Basta observar a dos personas hablando por señas para darse cuenta de que la seña tiene una cualidad festiva, un estilo completamente diferente del que tiene el habla. Los que hablan por señas tienden a improvisar, a jugar con las señas, a incorporar todo su humor, su imaginación, su personalidad, de manera que hablar por señas no es simplemente manipular símbolos de acuerdo con normas gramaticales sino que es, irremisiblemente, la voz del que hace señas; una voz a la que se asigna una fuerza especial porque se expresa, de modo muy inmediato, con el cuerpo. Podemos tener o imaginar un habla desencarnada, pero no podemos tener seña desencarnada. El que habla por señas expresa continuamente cuando lo está haciendo, su cuerpo y su alma, su identidad humana única.

Quizás la seña tenga un origen distinto del habla, dado que surge del gesto, de la representación emotivo-motriz espontánea.[141] Y aunque la seña está plenamente formalizada y gramaticalizada, es sumamente icónica, conserva muchos rasgos de sus orígenes representativos. Los sordos, escriben Klima y Bellugi,[142] […] tienen una profunda conciencia de los matices y sugerencias de iconicidad de su vocabulario […] cuando se comunican entre ellos, o cuando cuentan algo, suelen ampliar, acrecentar o exagerar las propiedades miméticas.

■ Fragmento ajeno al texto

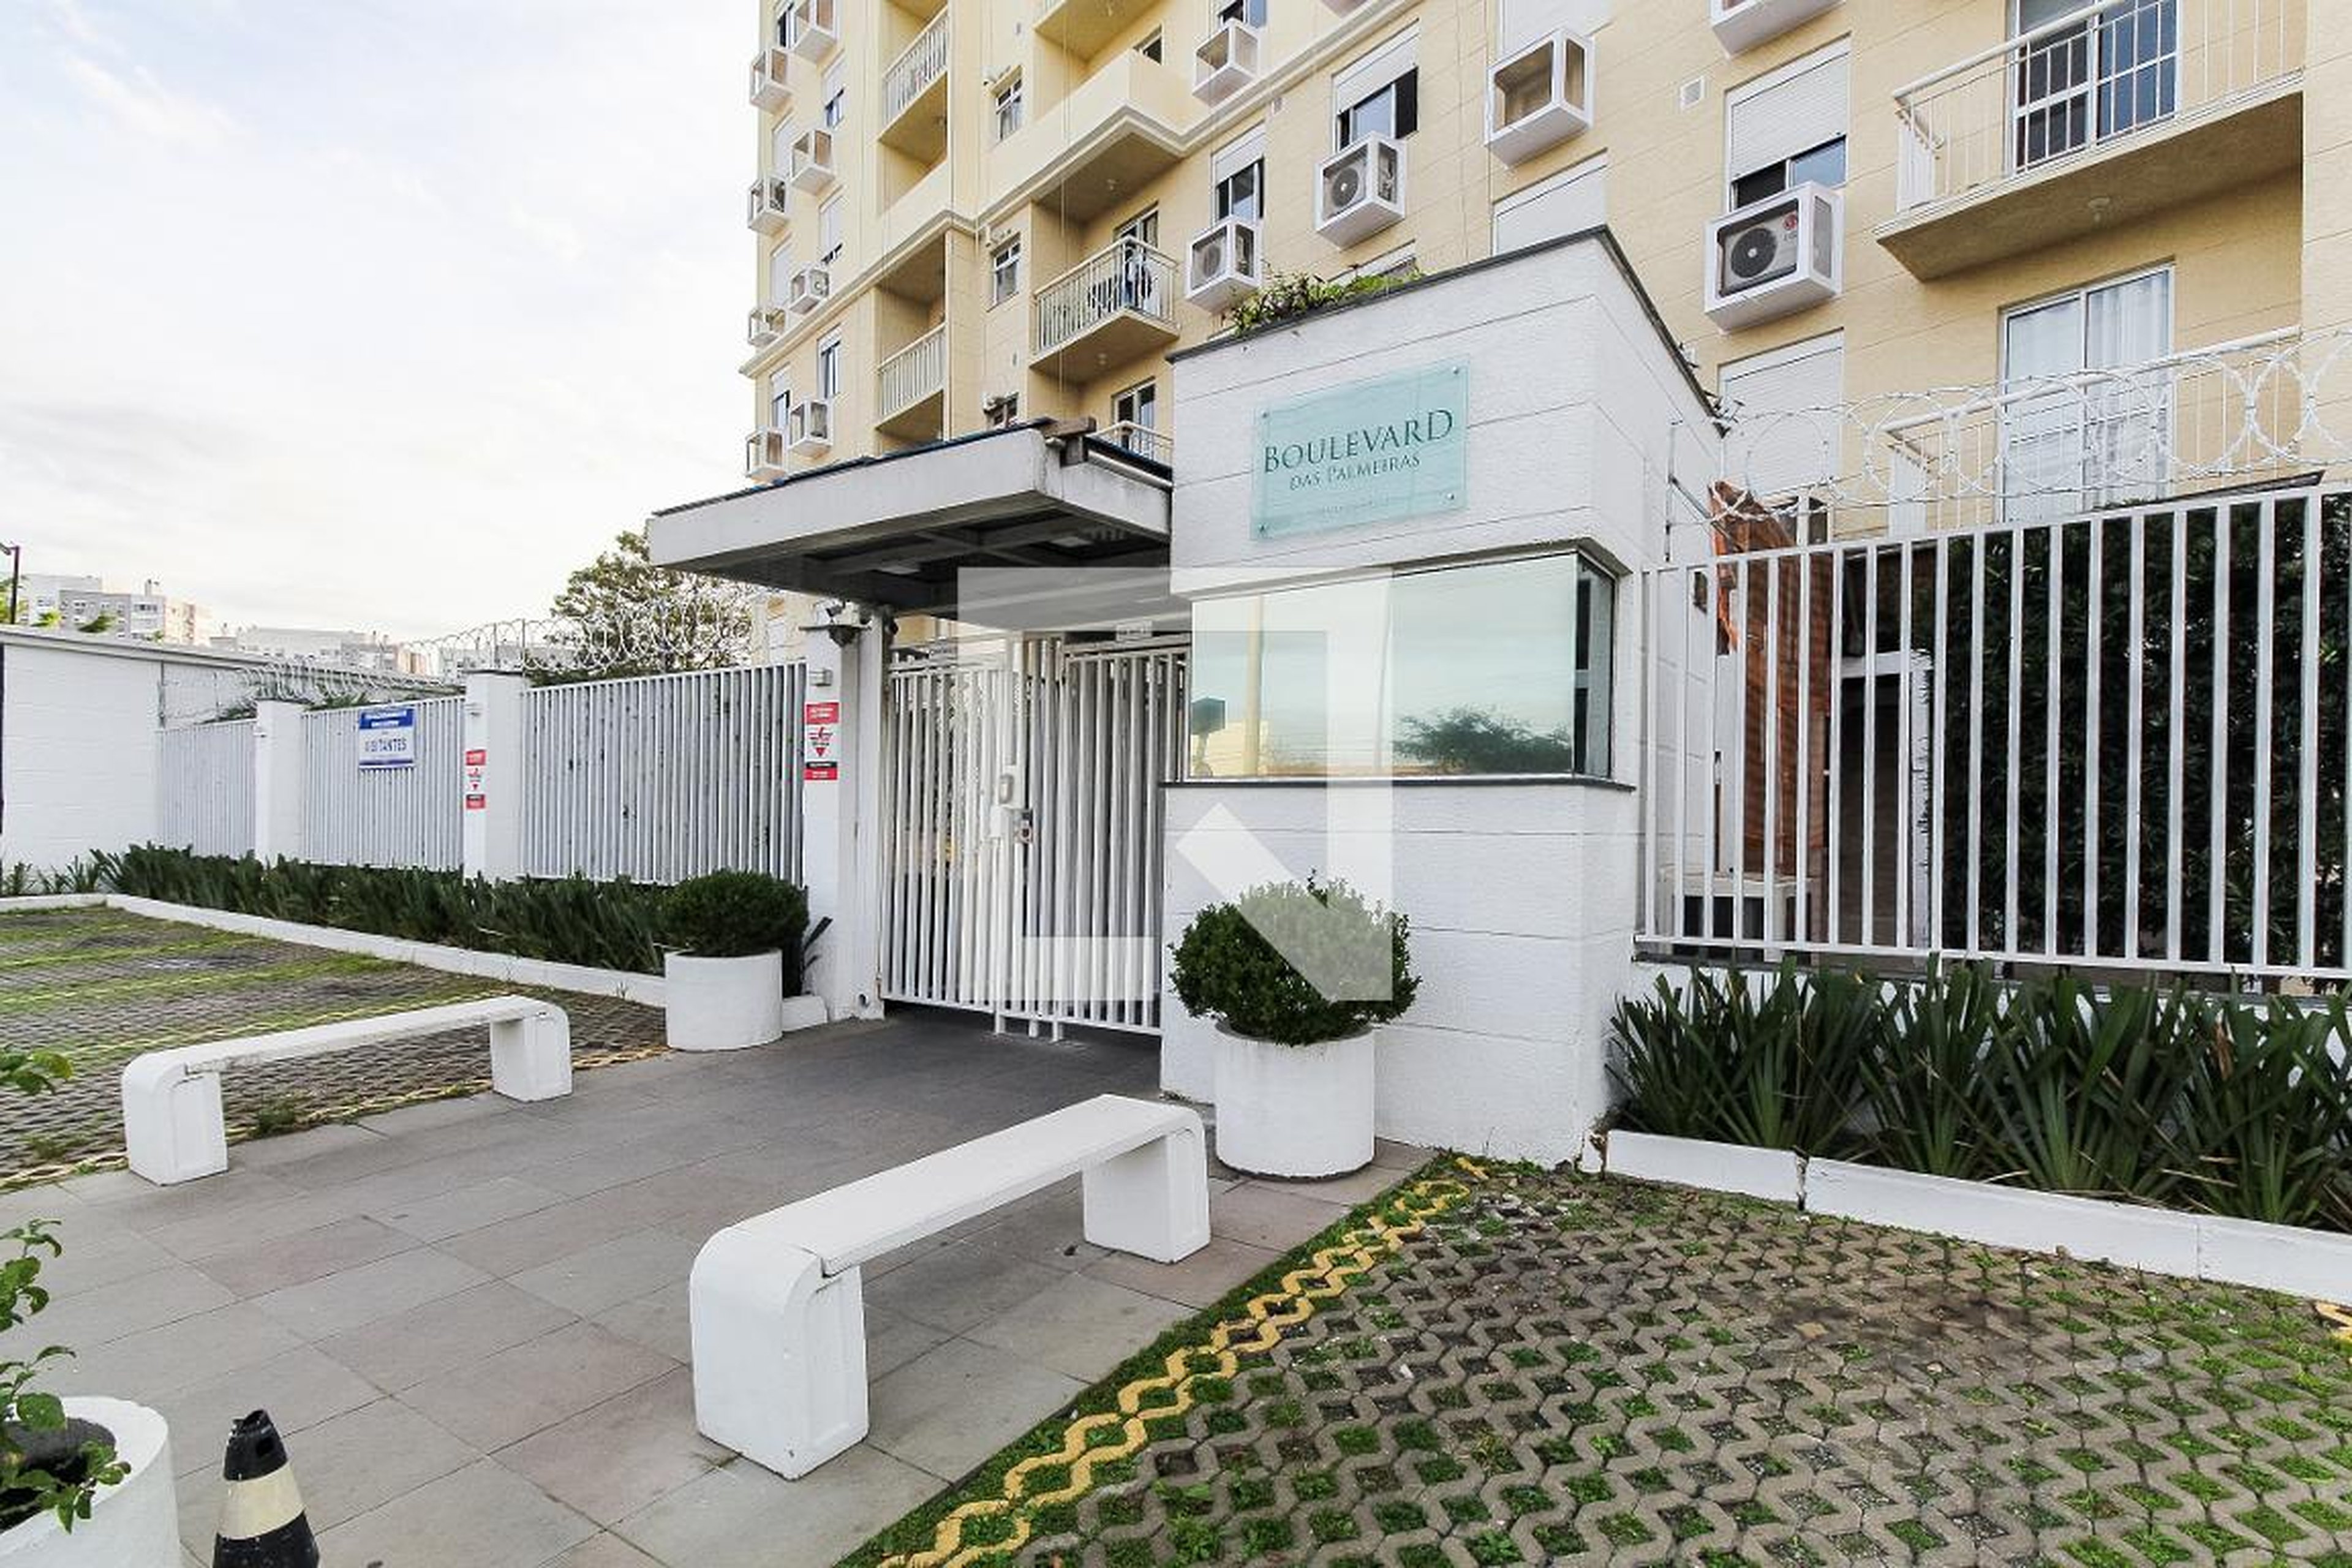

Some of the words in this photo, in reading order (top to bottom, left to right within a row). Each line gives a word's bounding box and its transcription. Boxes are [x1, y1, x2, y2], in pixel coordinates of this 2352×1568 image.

[1264, 409, 1453, 473] BOULEVARD
[1290, 470, 1320, 491] DAS
[1329, 454, 1420, 483] PALMEIRAS

La manipulación de los aspectos icónicos de las señas se produce también en usos especiales intensificados del lenguaje (la poesía por señas y las señas artísticas) […] Así, el ameslán sigue siendo un lenguaje bifacetado: estructurado formalmente y sin embargo miméticamente libre en aspectos significativos.

Si bien la estructura profunda de la seña, sus propiedades formales, permiten expresar las proposiciones y conceptos más abstractos, sus aspectos icónicos o miméticos hacen que sea extraordinariamente concreta y evocadora de un modo que quizás no pueda serlo ningún habla. El habla (y la lengua escrita) se han distanciado de lo icónico; la poesía oral nos resulta evocadora por asociación, no por representación; puede conjurar talantes e imágenes, pero no puede retratarlos (salvo a través de onomatopeyas o ideofonías «accidentales»). La seña conserva una capacidad directa de retrato que no tiene analogía alguna en el lenguaje hablado, que no puede traducirse a él; por otra parte, utiliza menos la metáfora.

La seña aún conserva, y destaca, sus dos caras (la icónica y la abstracta por igual, de forma complementaria) y, si bien es capaz de elevarse hasta las proposiciones más abstractas, hasta la reflexión más generalizada sobre la realidad, también puede evocar simultáneamente una materialidad concreta, una vivacidad, una realidad, una corporeidad, que los lenguajes hablados han dejado atrás hace ya mucho, si es que las tuvieron alguna vez.[143]

El «carácter» de un lenguaje es para Humboldt esencialmente cultural; el lenguaje expresa (y quizás determina en parte) cómo piensa y siente todo un pueblo y a lo que aspira. En el caso de la seña, lo distintivo del lenguaje, su «carácter», es también biológico, pues está enraizado en el gesto, en lo icónico, en una visualidad radical, que lo diferencia de cualquier lengua hablada. El lenguaje surge (biológicamente) de abajo, de la necesidad irreprimible que tiene el ser humano de pensar y comunicarse. Pero se genera también y se transmite (culturalmente) desde arriba, es una encarnación viva e indispensable de la historia, las visiones del mundo, las imágenes y las pasiones de un pueblo. La seña es para los sordos una adaptación única a otra forma sensorial; pero es también y al mismo tiempo la encarnación de su identidad personal y cultural. Pues, como dice Herder, en el lenguaje de un pueblo «reside todo su dominio mental, su tradición, su historia, su religión y la base misma de su vida, toda su alma y todo su corazón». Esto es particularmente cierto en el caso de la seña, que no es sólo biológica sino cultural e insondablemente la voz de los sordos.